◆ **Assignment**
The whole listing below should be printed again exactly, with no images.

◆ **Source records**
^^^^^^^^^^^^^^^^

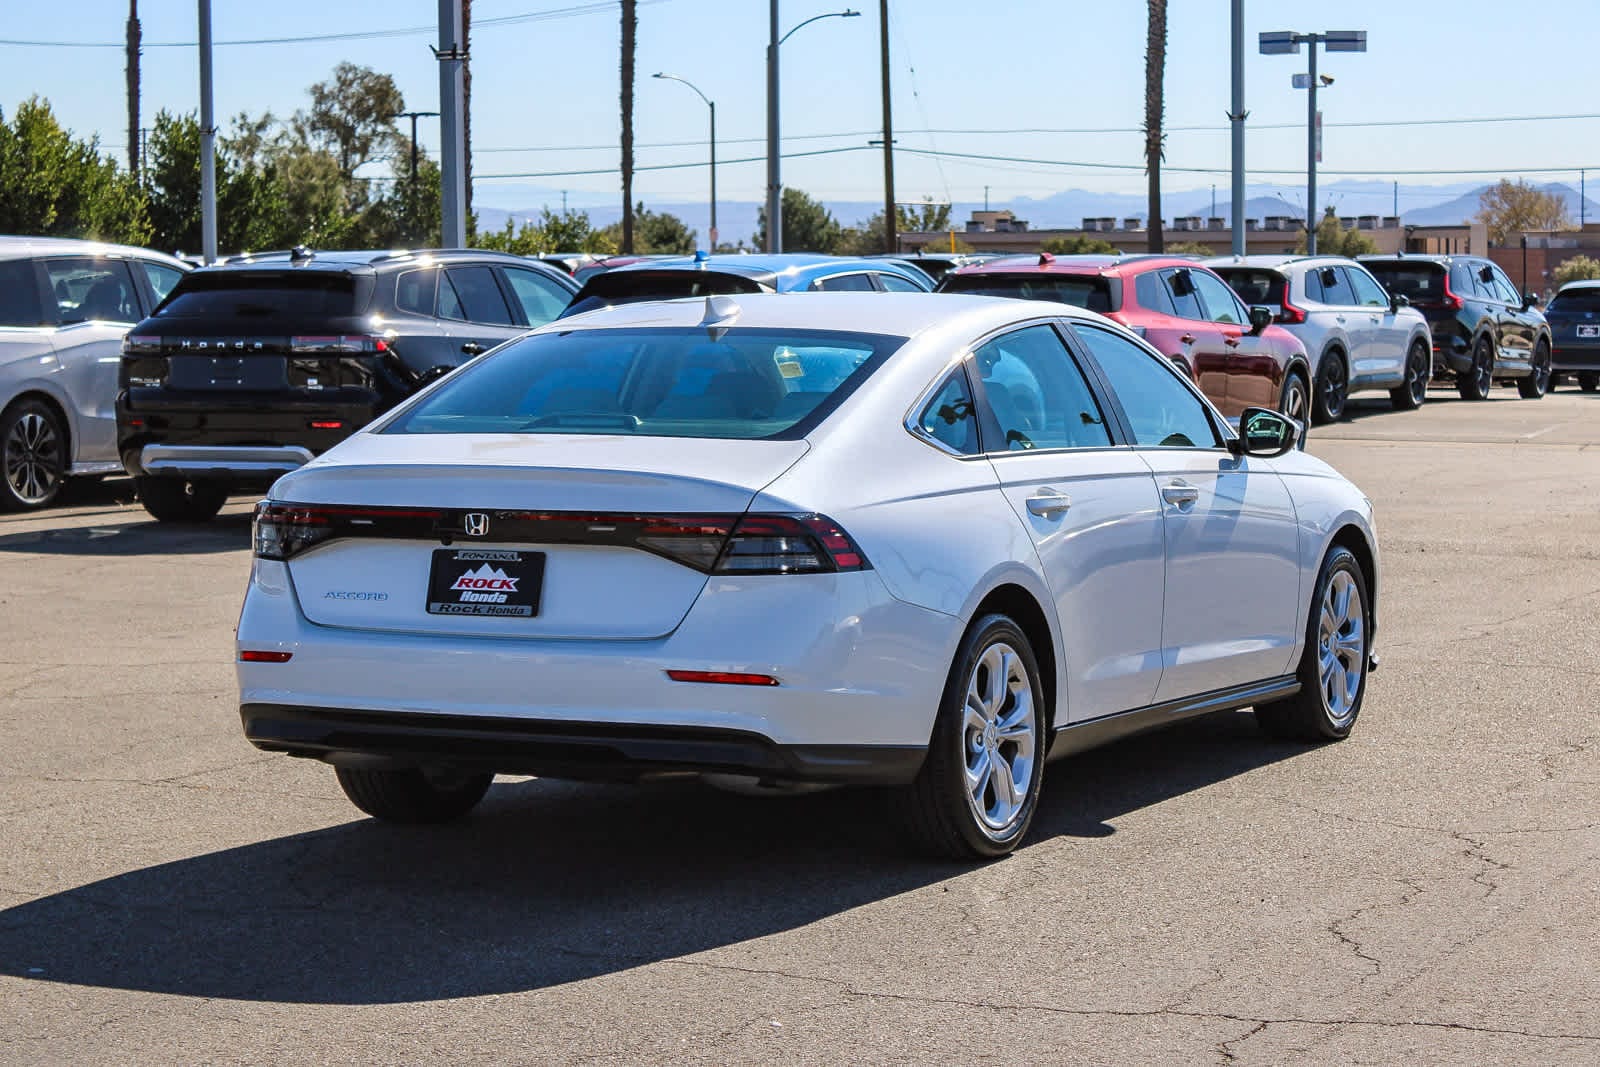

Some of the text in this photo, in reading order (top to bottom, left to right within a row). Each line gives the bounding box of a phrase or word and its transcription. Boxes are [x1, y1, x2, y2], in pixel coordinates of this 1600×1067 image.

[182, 340, 263, 349] Honda
[461, 552, 516, 560] FONTANA
[457, 577, 514, 590] ROCK
[324, 591, 389, 601] ACCORD
[459, 591, 508, 603] Honda
[485, 606, 526, 615] Honda
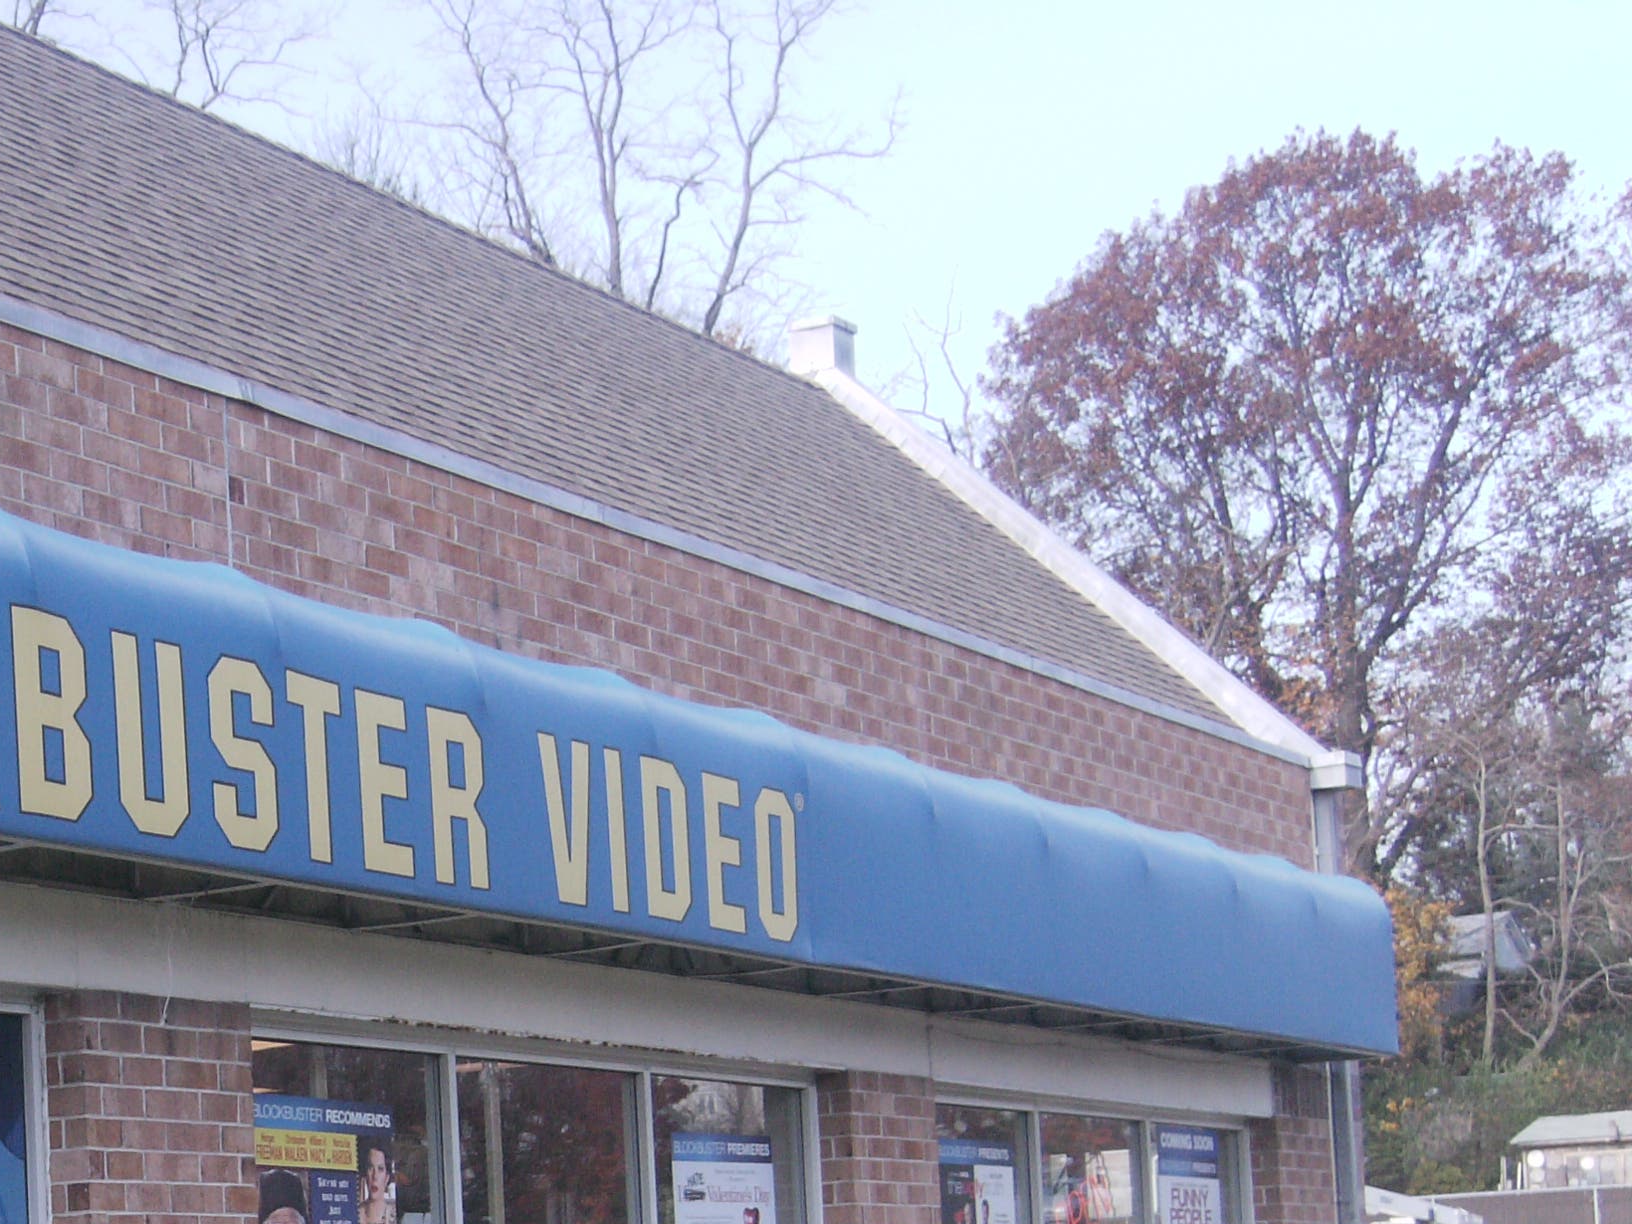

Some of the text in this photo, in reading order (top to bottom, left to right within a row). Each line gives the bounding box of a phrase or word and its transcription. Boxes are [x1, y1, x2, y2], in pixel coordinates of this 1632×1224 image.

[536, 730, 799, 943] VIDEO
[254, 1103, 391, 1128] BLOCKBUSTER RECOMMENDS
[1171, 1187, 1209, 1208] FUNNY
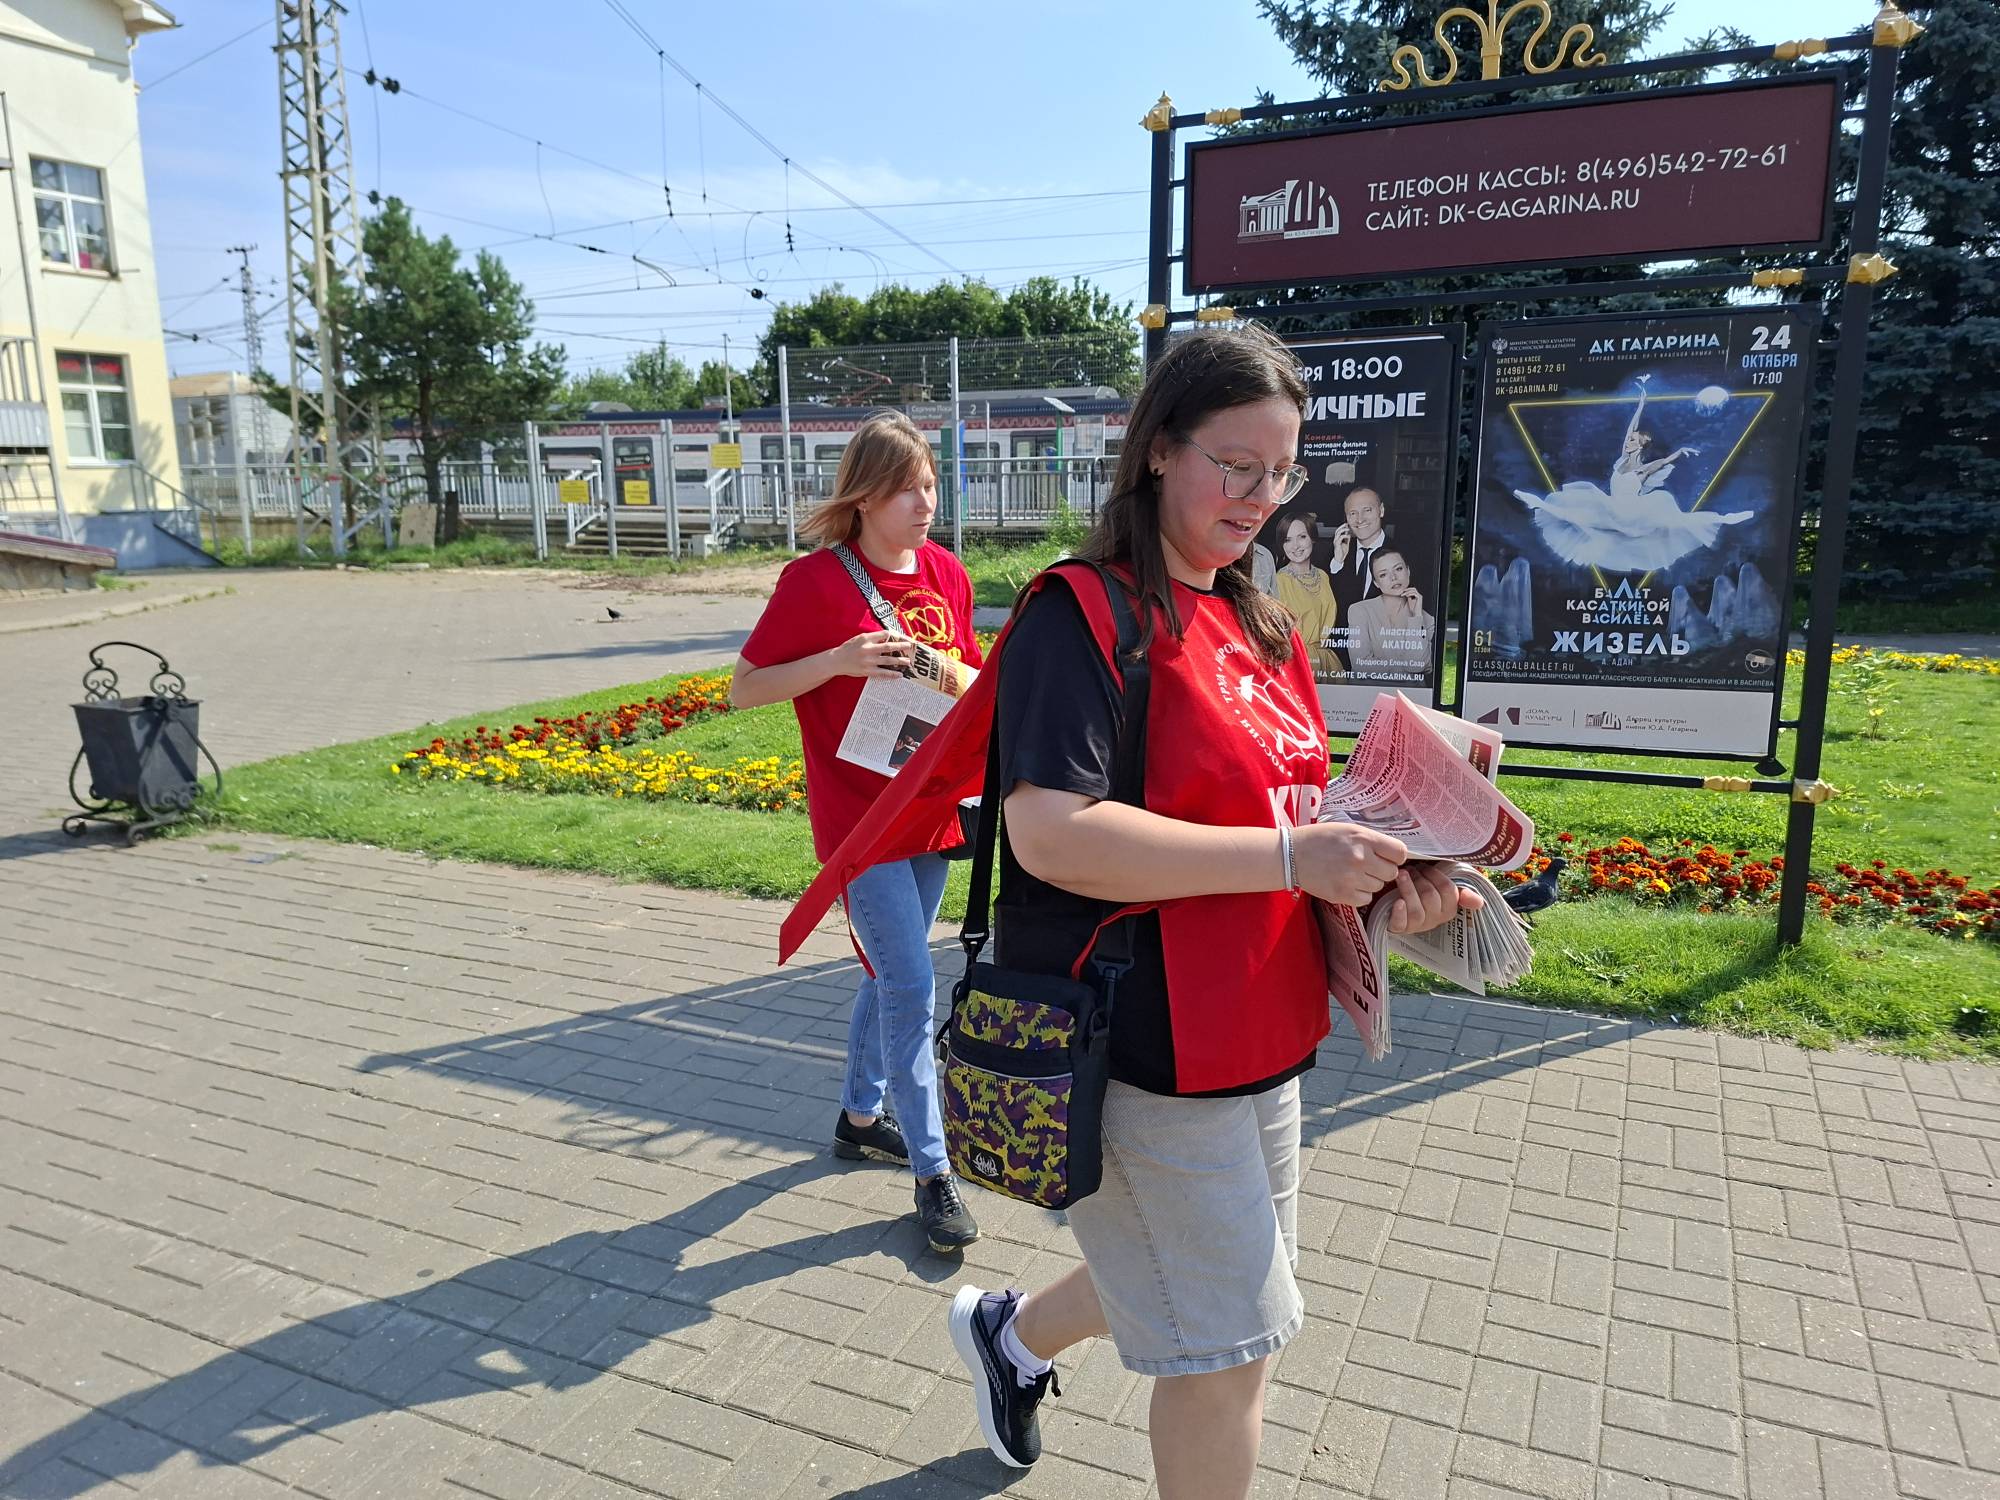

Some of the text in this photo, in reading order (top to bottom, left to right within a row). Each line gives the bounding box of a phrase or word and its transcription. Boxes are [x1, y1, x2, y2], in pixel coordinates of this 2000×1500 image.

^^^^^^^^^^^^^^^^

◆ **Task answer**
Some of the text in this photo, in reading order (top to bottom, left to right within a row). Each line gives the bounding box of a phrase or word and its transcription. Boxes are [x1, y1, x2, y2], in pixel coordinates of this 1600×1067 image.

[182, 340, 263, 349] Honda
[461, 552, 516, 560] FONTANA
[457, 577, 514, 590] ROCK
[324, 591, 389, 601] ACCORD
[459, 591, 508, 603] Honda
[485, 606, 526, 615] Honda

Some of the text in this photo, in reading order (top to bottom, left to right within a row). Each line gives the bounding box of a phrase or word and its transcription. Boxes are [x1, y1, x2, y2], in pixel coordinates of this 1632×1224 image.

[536, 730, 799, 943] VIDEO
[254, 1103, 391, 1128] BLOCKBUSTER RECOMMENDS
[1171, 1187, 1209, 1208] FUNNY

Some of the text in this photo, in reading order (top to bottom, left to right within a row). Each line gives the bounding box of a phrase or word and its transcription. Boxes are [x1, y1, x2, y2], in pixel coordinates of this 2000×1500 image.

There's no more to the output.